Yule walker method estimating AR parameters is based on true covariance elements replaced by sample covariance. whereas LS estimator based on least squares minimization criterion(linear prediction).
- The autocorrelation method of least Squares AR estimation is Equivalent to the Yule-Walker method.
2)MYW ARMA has reasonable accuracy if the zeros of B(z) are well inside the unit circle, and may be inaccurate estimates in those cases where the poles and zeroes of modulus close to one, correspond to narrowband signals. the covariance sequence of narrow band signals decays very slowly, as we know the more concentrated signals is in frequency ,usually more expended in time. the information in the higher lag covariance of the signals that can be exploited to improve the accuracy.

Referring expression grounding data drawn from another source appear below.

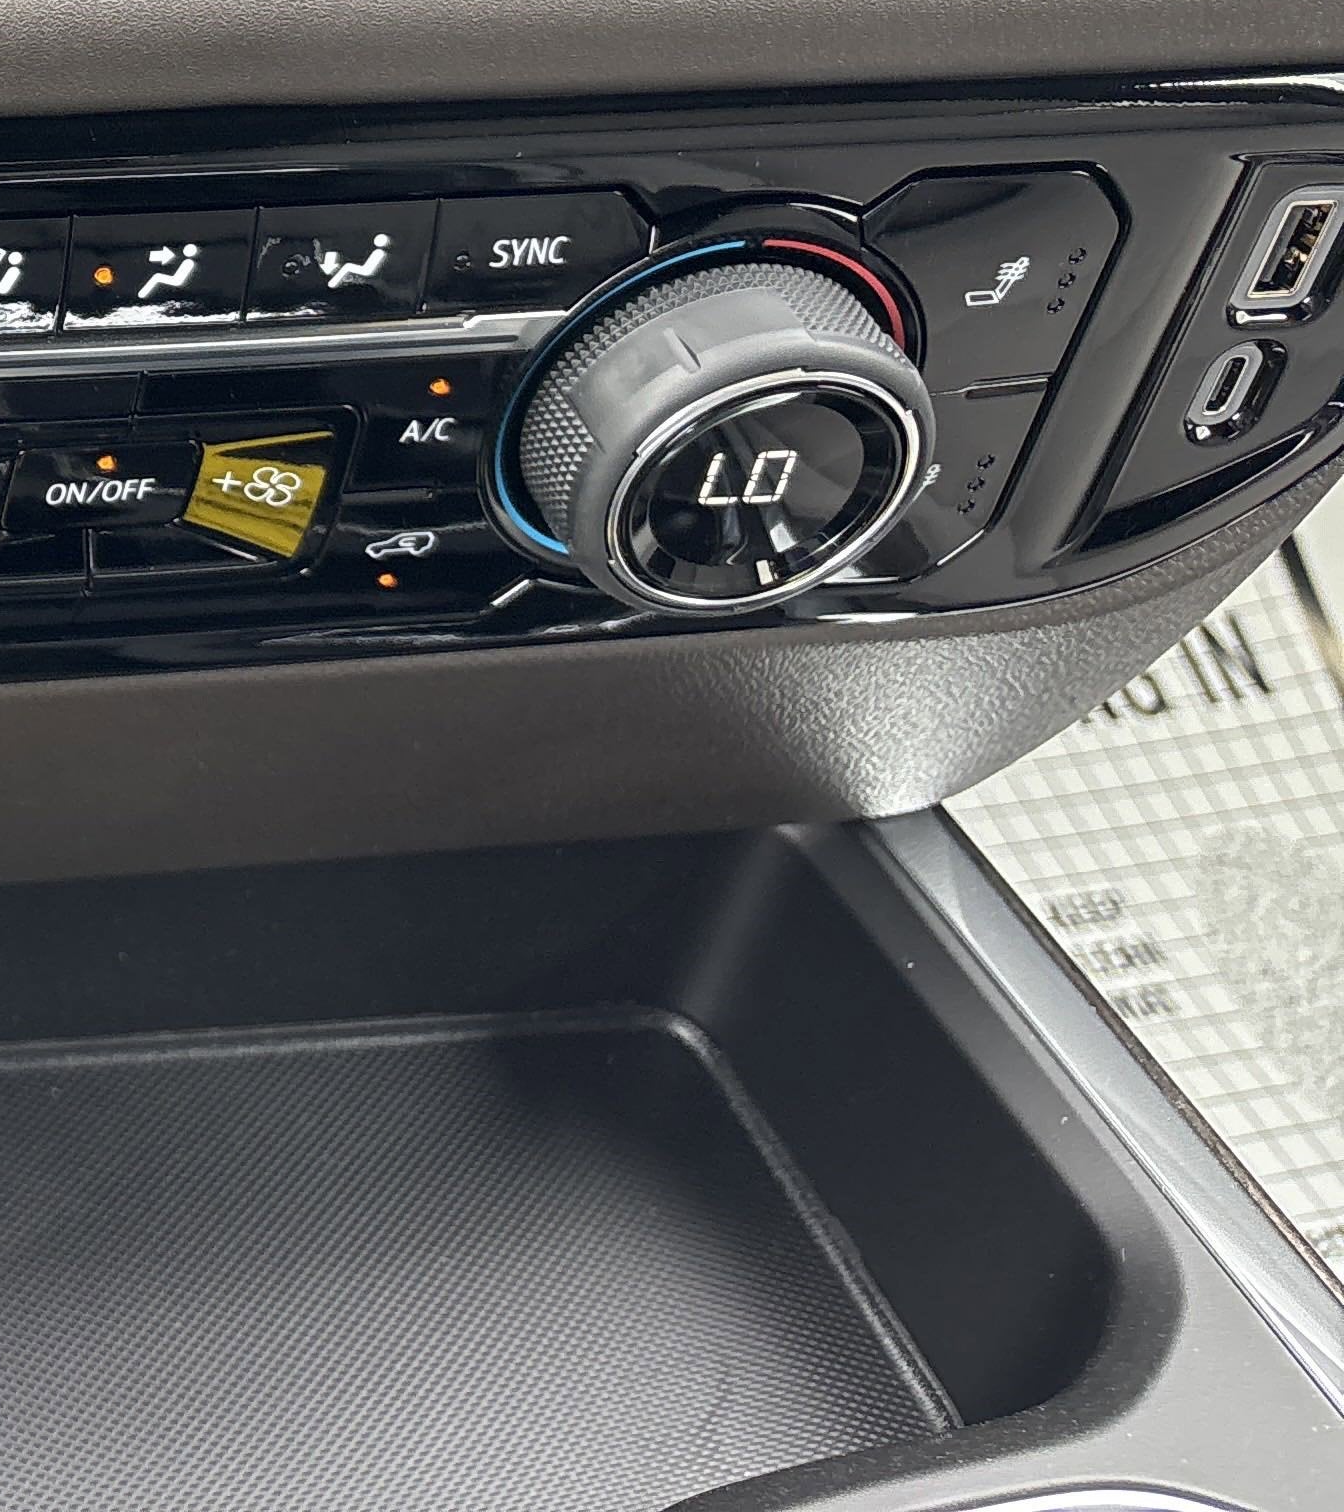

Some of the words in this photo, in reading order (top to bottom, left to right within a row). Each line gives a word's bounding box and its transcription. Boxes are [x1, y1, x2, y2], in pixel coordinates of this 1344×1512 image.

[488, 235, 571, 269] SYNC
[398, 416, 456, 443] A/C
[45, 476, 157, 507] ON/OFF
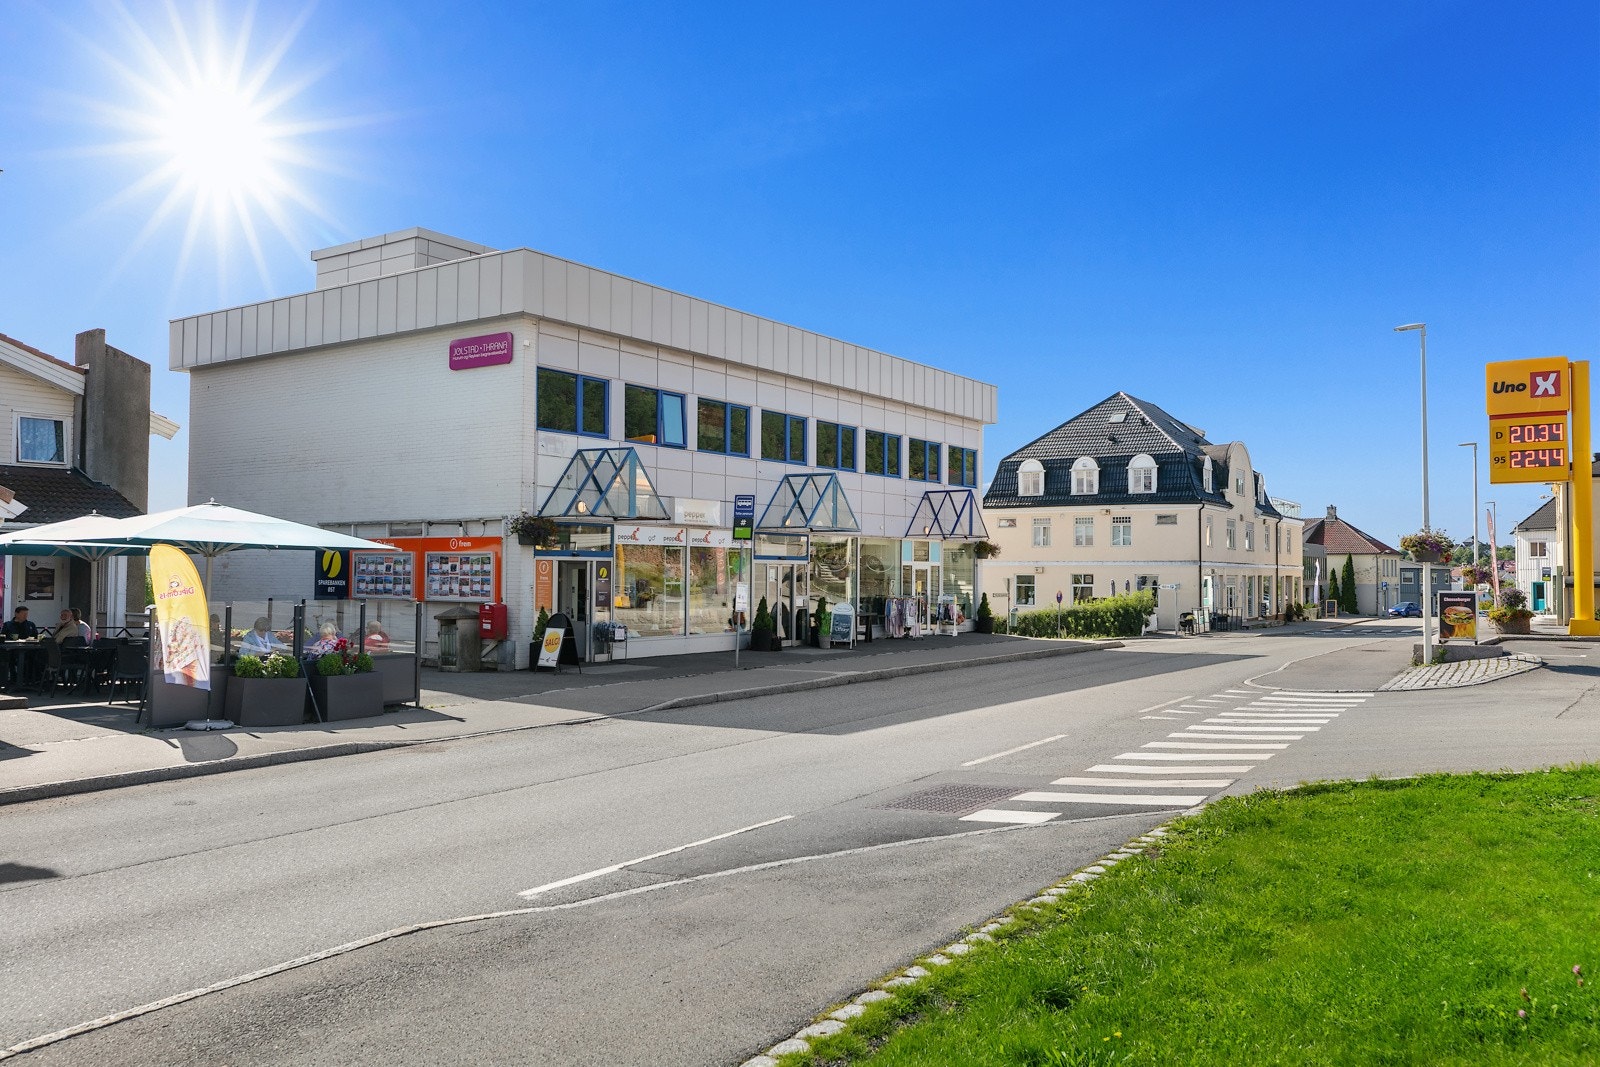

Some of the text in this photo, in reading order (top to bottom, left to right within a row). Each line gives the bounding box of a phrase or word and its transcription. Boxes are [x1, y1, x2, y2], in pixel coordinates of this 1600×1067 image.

[1493, 373, 1557, 396] Uno X
[1495, 423, 1563, 443] D 20.34
[1494, 449, 1564, 468] 95 22.44

if the noise sequence is known, then least squares method can be preferred.
3)M the constant which determine the amount of over determinationM> n is called the over determined modified YW estimate.
choosing M>n does not always improve the accuracy of AR coefficient estimates. if the poles and zeroes are not close to the unit circle, choosing M>n can make the accuracy worse. when the ACS decays slowly to zero .
4) In these two ARMA models, (n,m) are the AR model order and MA model order.
spectra with both sharp peaks and deep nulls can't be modelled by either AR or MA equations of reasonably small orders .where the ARMA model, pole zero model are useful.
the MA estimate used in MYW ARMA spectral estimator, is not sure of having numerator is positive for all w values, which may lead to negative ARMA spectral estimates. modified YW ARMA spectral estimator relies on AR parameter estimation. which improve estimation accuracy if N is sufficiently large.
whereas LS algorithm is modified to estimate the parameters in MA models ,simply by skipping over the estimation of AR parameters.
for these broad band and narrow band sequences, by increasing the model order its having variance is getting better.
5)By comparison of plots of YW-AR ,LS-AR MYW-ARMA and LS- ARMA
MYW-ARMA is an better estimate , with suitable order and M=n. it has better variance and signals peaks with true spectrum.